Maybe, just maybe, we’ve thrown Crucifixion Friday (also known as Hangman’s Friday) out the window in preference for bunnies, and Easter baskets, and new outfits, and Easter Egg Hunts. Maybe we don’t want to visit the real Friday with all its blood and pain and suffering. Maybe we should call it Blood Friday. Maybe Good Friday was a spin on that horrible day — a spin much like today’s political spins.

One of the complaints of Mel Gibson’s movie, “The Passion of Christ,” was that it portrayed that Friday too much like it was. Too much with the cat of nine tails. Too much with the carrying of the heavy cross. Too much of reality. Far too, too much blood.

I believe what has happened is that Easter Sunday with its glory and its triumphant has just about overshadowed the Cross.
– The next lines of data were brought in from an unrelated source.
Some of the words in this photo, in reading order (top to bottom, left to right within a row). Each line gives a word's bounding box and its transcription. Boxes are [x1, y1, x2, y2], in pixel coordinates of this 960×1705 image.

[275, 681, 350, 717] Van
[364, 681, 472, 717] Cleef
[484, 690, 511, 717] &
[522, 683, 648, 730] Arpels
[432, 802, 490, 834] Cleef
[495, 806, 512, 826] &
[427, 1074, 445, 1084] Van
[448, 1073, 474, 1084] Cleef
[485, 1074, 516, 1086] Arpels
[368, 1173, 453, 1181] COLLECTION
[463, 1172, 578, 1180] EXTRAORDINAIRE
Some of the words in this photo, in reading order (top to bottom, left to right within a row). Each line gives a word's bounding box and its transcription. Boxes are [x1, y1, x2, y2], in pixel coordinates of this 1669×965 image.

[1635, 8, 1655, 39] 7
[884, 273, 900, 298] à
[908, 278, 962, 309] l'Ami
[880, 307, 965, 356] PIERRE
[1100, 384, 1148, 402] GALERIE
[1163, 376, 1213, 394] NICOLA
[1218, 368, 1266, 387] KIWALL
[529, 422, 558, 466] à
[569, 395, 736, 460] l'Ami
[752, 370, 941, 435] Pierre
This past Friday I was pleased to see the presentation of the Fourteen Stations of the Cross by the drama department of Our Lady of Mercy Catholic High School. Catholics are encouraged to meditate on the Stations of the Cross. For some reason, my faith tradition has never made that much of the cross, only through our hymnody and perhaps a play now and then. No, we have rushed to Easter Sunday.

But our collective Christian faith is clear at this point: without the shedding of blood, there is no remission of sin. It was the cross that made possible the forgiveness of our sins. It was the cross event by which Jesus himself proved his worthiness of his reign. In fact, Jesus truly reigned from the cross. The cross was his seat of power. His own words witness that he didn’t want to go through with death on the cross, but again, his own words show he did not permit his own flesh to stand in his way: “Not my will, but yours be done.”
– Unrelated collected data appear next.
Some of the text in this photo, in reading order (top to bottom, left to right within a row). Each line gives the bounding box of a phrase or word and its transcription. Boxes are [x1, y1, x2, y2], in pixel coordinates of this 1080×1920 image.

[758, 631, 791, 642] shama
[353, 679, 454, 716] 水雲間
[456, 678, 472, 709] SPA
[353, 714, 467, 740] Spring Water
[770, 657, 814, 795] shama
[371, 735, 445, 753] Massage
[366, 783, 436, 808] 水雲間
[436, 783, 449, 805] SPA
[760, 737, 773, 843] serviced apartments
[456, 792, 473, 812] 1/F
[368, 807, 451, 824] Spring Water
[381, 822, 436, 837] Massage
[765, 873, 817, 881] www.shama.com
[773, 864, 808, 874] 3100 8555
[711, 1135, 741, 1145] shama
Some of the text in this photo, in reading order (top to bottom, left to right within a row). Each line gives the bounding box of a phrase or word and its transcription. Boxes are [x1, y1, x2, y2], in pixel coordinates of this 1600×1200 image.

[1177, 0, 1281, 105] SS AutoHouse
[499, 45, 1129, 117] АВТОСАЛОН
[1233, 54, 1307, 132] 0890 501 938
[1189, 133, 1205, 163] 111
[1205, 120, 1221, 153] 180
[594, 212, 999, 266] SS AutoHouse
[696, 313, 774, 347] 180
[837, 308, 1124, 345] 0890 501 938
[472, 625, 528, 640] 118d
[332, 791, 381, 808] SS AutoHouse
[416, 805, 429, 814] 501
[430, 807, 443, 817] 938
There are a lot of people who find themselves this Holy Week not exactly ready to hunt eggs, buy a new dress, or even attend an Easter worship service. They feel like hell. They sense their lives falling apart. Family is a relational crisis. And on and on.
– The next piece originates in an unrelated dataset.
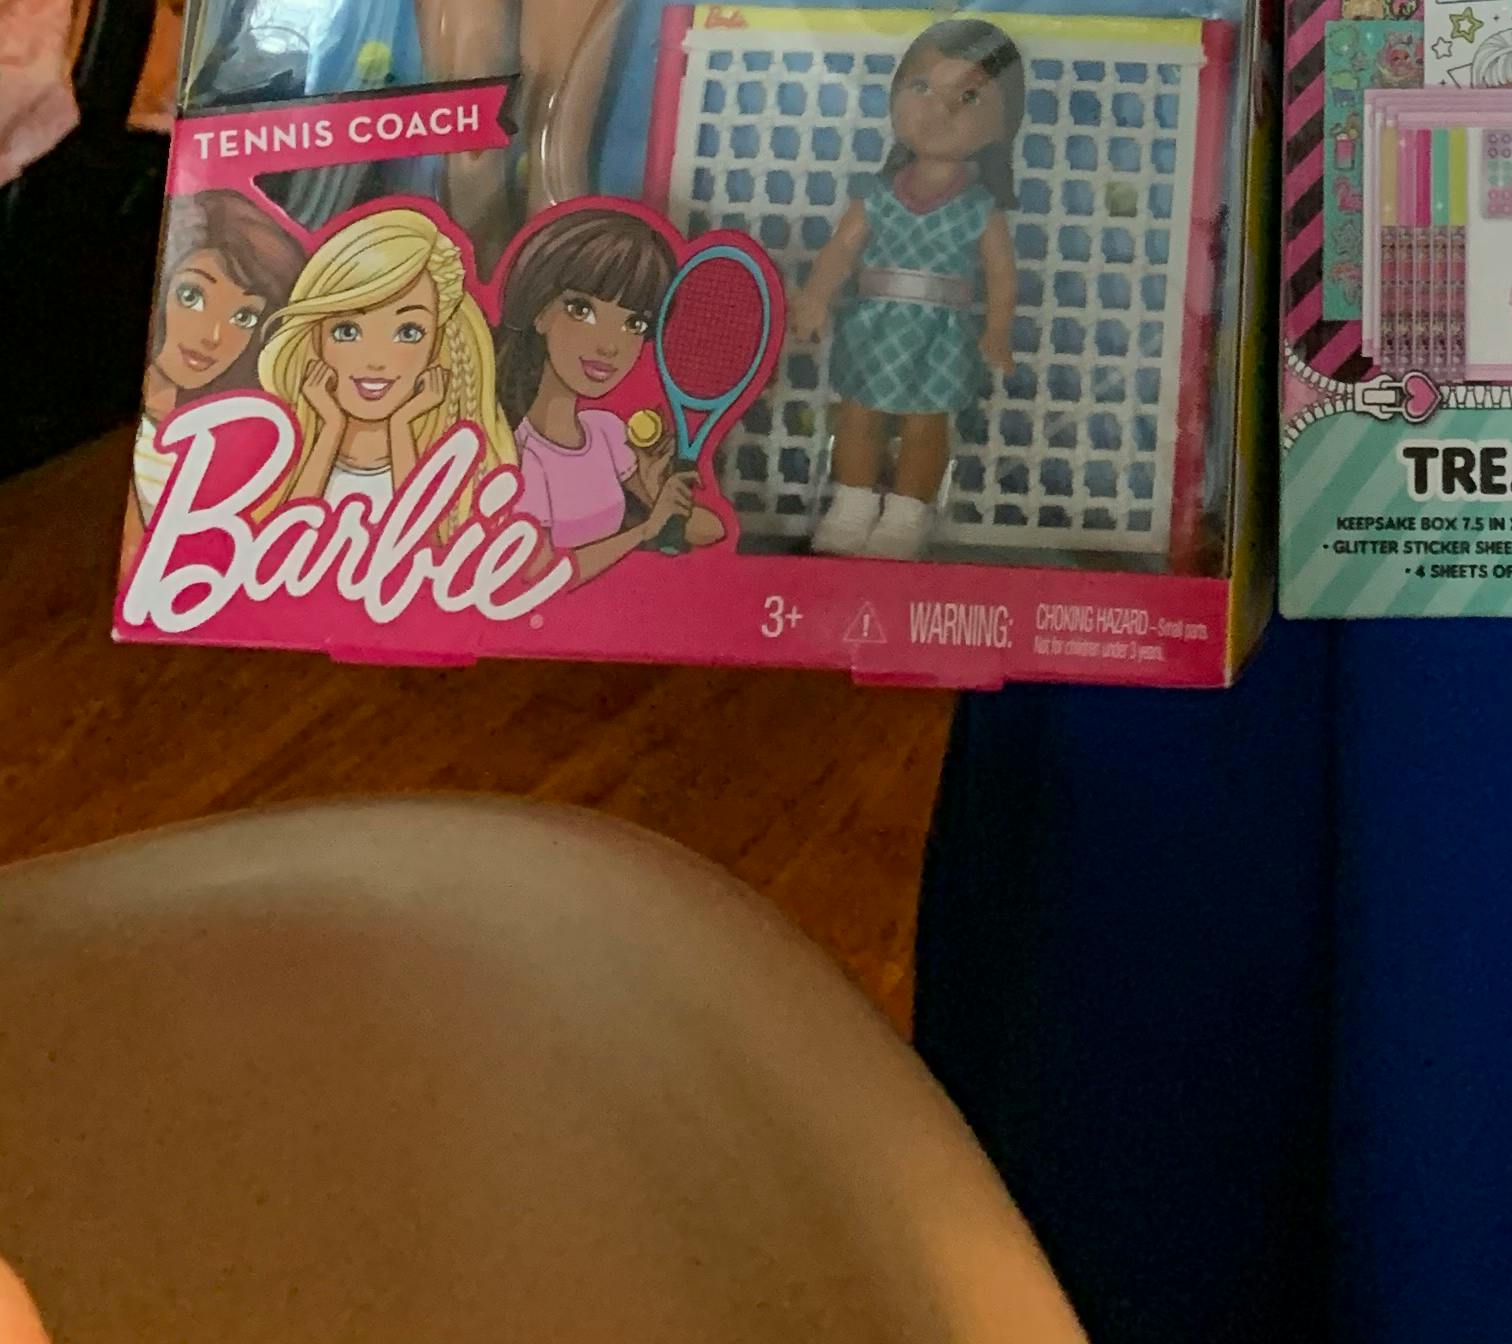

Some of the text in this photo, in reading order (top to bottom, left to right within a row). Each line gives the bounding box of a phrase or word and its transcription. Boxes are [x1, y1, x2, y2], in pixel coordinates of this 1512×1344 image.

For them I point to the cross. There you can find identity. You can hear the screams of the Holy One as he protests his circumstances, family, and hand he had been dealt: “My God, My God! Why have you forsaken me?”

Perhaps it’s the abandoned Jesus with whom you can identify this Easter. He is there for you. His hands still evidence the bloody nailing to the cross. His side still has the scar from the soldier’s sword. He may be the one you can get with this Easter. He understands the hell you’re living in.

Happy Bad Friday!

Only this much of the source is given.